To examine the relationship among uncertainty, IT, and continuance intention in a Fintech context, we applied an IT quality perspective to a trust-based model. We employed the three IT quality dimensions (i.e., system, information, and service qualities) proposed by the ISS model to measure IT quality in Fintech. Our proposed model then attempted to investigate Fintech continuance intentions by adopting the three IT quality dimensions as antecedents of trust and perceived risk based on a Nicolaou and McKnight [8]’s model. To control for the effect of perceived benefits on Fintech continuous use, we added a perceived benefit construct to our model by referring to a trust-based decision-making model proposed by Kim et al. [16]. Finally, the mediation effect of trust and perceived risk between the three IT quality dimensions and Fintech continuance intentions were determined. The overall research model is shown in Figure 1.

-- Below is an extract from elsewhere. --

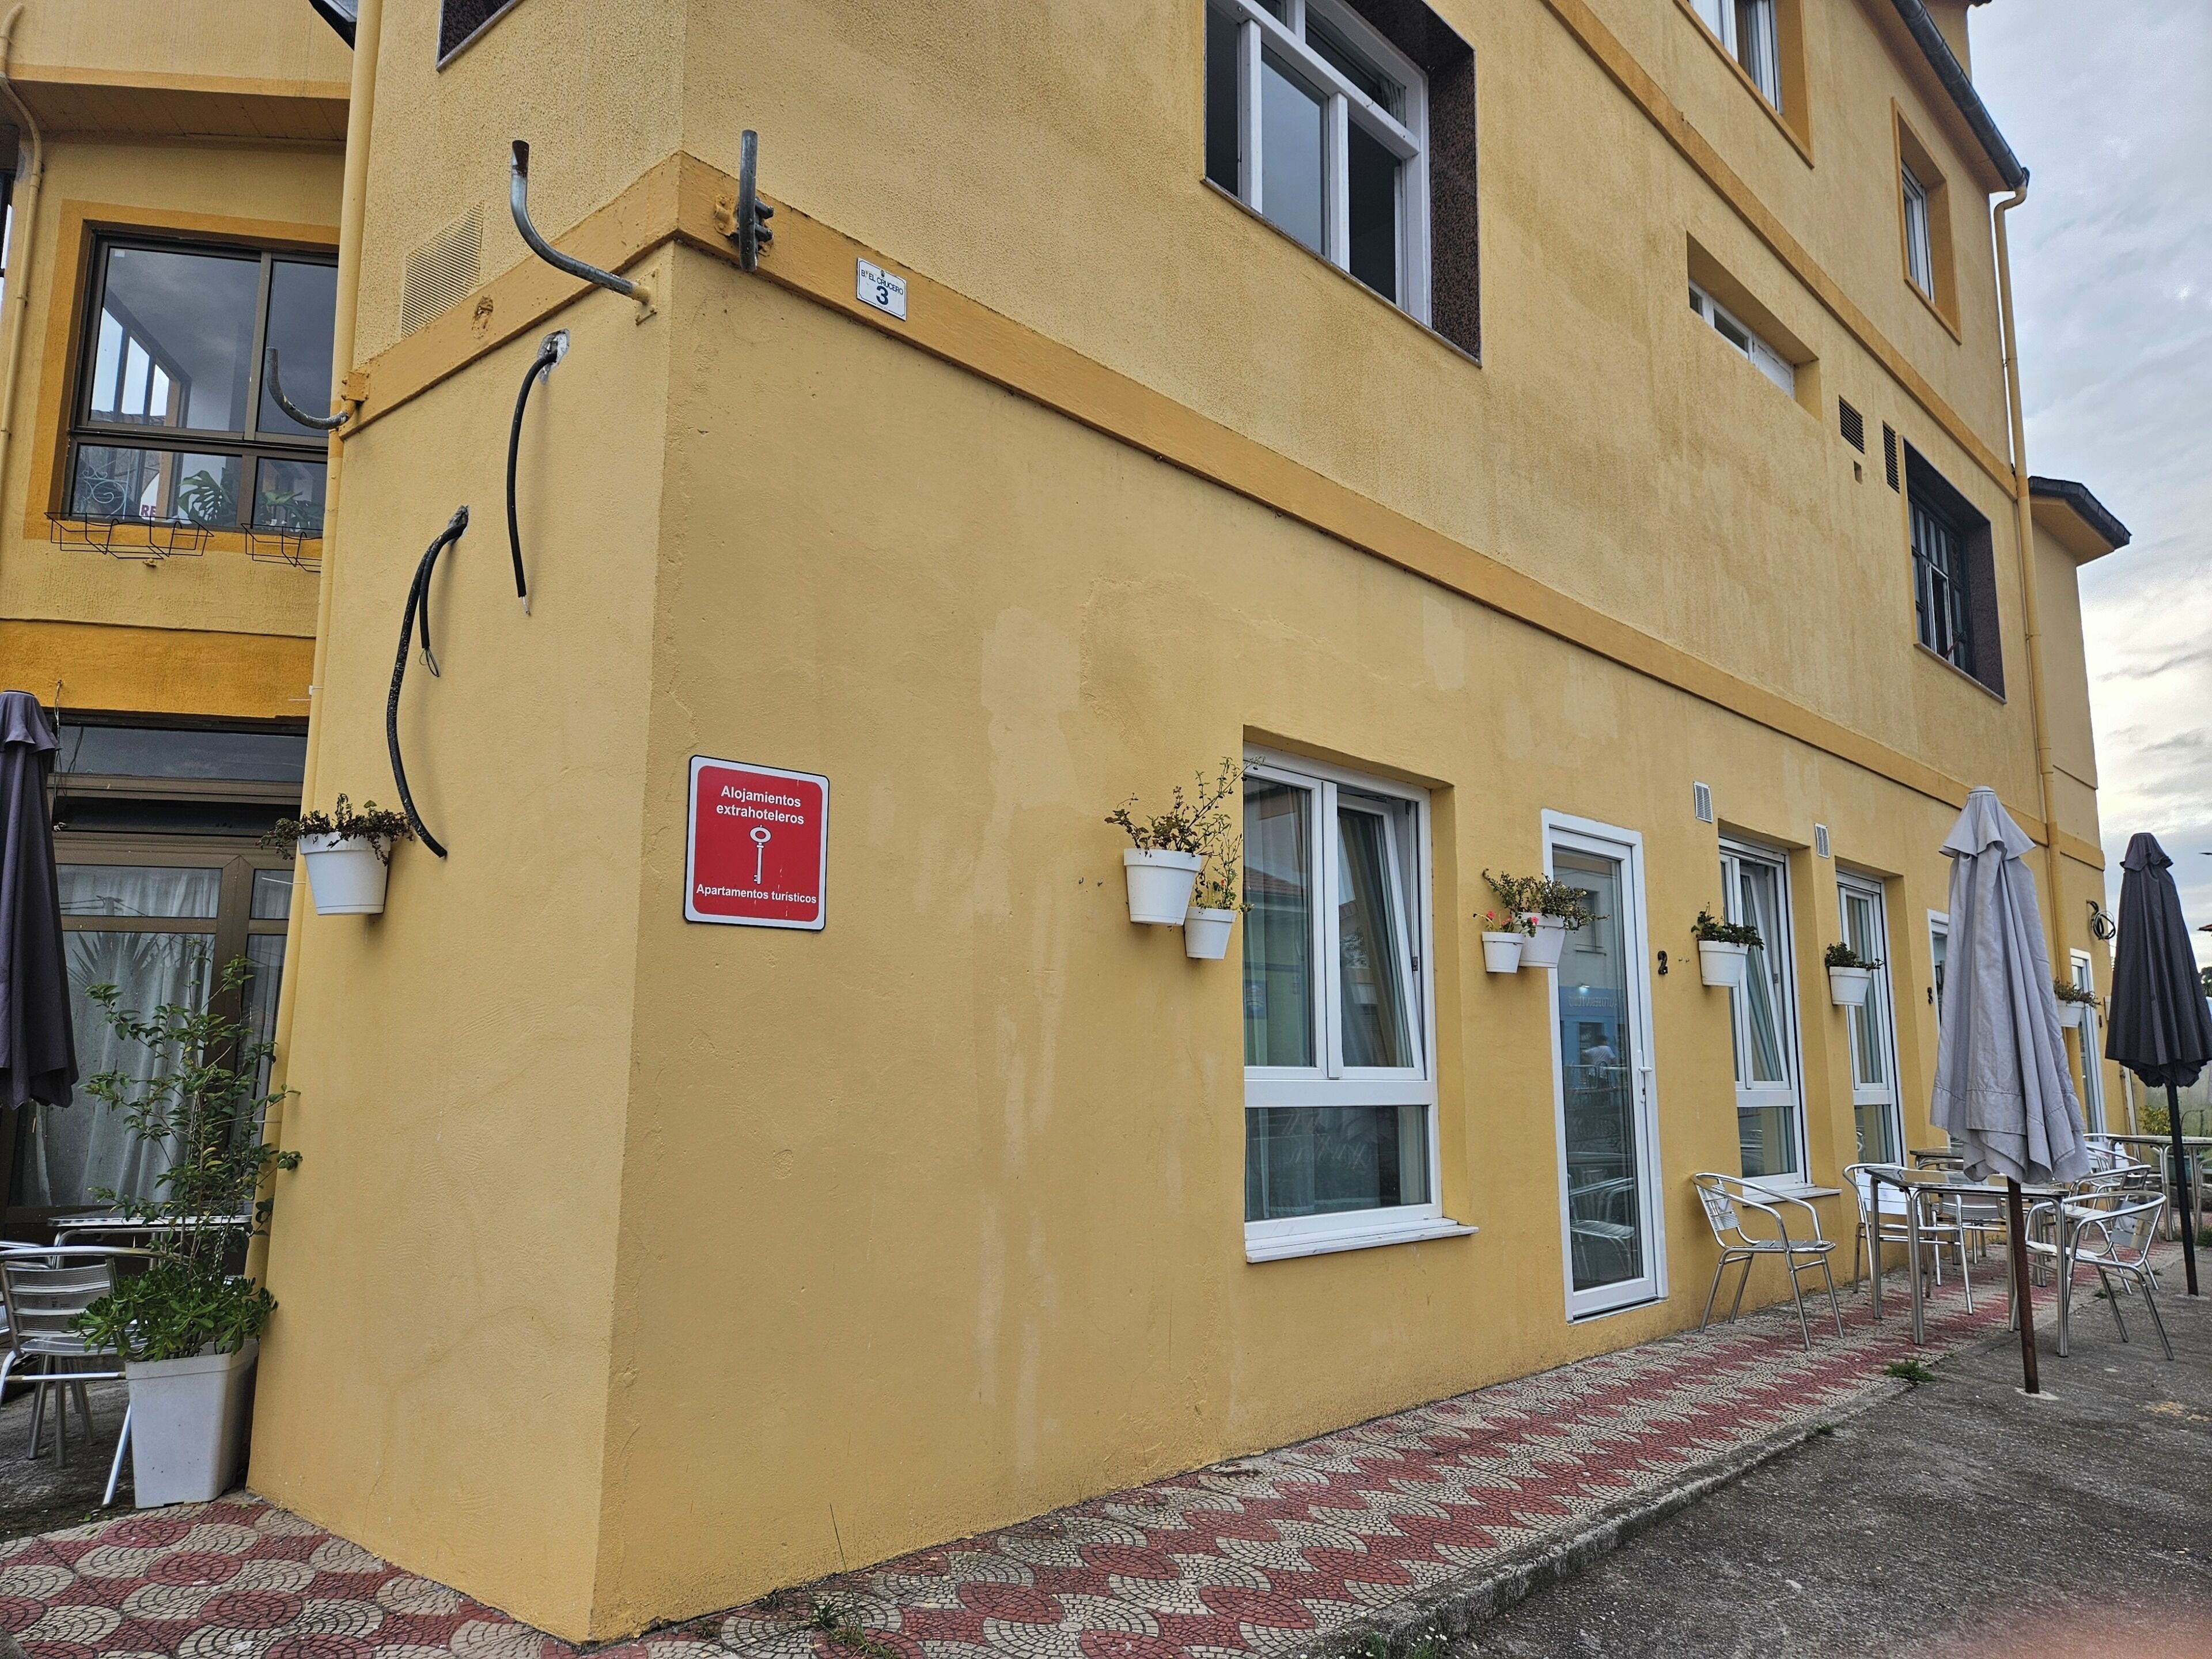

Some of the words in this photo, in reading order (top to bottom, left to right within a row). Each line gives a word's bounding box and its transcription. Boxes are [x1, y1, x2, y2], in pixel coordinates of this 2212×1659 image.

The theory of perceived risk suggests that perceived risk has a negative effect on users’ behavioral decisions with respect to various digital services [8,27,28]. Customers face risks when they use an emerging digital service such as Fintech, because their transactions may not go as expected. For example, with respect to P2P lending and crowdfunding, there are no guarantees that Fintech providers will not act immorally and opportunistically. Fintech providers may misappropriate personal and financial data, including names, social security numbers, phone numbers, addresses, and even bank account and credit card information [5]. Moreover, Fintech users may suffer from financial losses because their financial transactions may not perform as anticipated or may be associated with tax evasion, money laundering, and the funding of illegal activities [4]. Fintech users therefore pay attention to the risks that might result in potential negative outcomes and such risks may weaken their willingness to continuously use Fintech. We therefore formulated the following hypothesis:
Hypothesis 1 (H1).
Perceived risk negatively affects Fintech continuance intention.
Recent IS research has described trust as a primary predictor of technology adoption and usage rates. Because Fintech is not a face-to-face financial service, the concerns of users about their financial transactions extend beyond the privacy and security issues of traditional financial services. In Fintech, trust becomes an important element in controlling uncertain and unpredictable situations. Trust occurs when users believe that Fintech providers provide high-quality services [43] that benefit their customers. For example, if Fintech providers offer users security and stability; updated, accurate, and comprehensive information; and high-quality services that meet users’ expectations, they can reduce user fears and build trust in their products.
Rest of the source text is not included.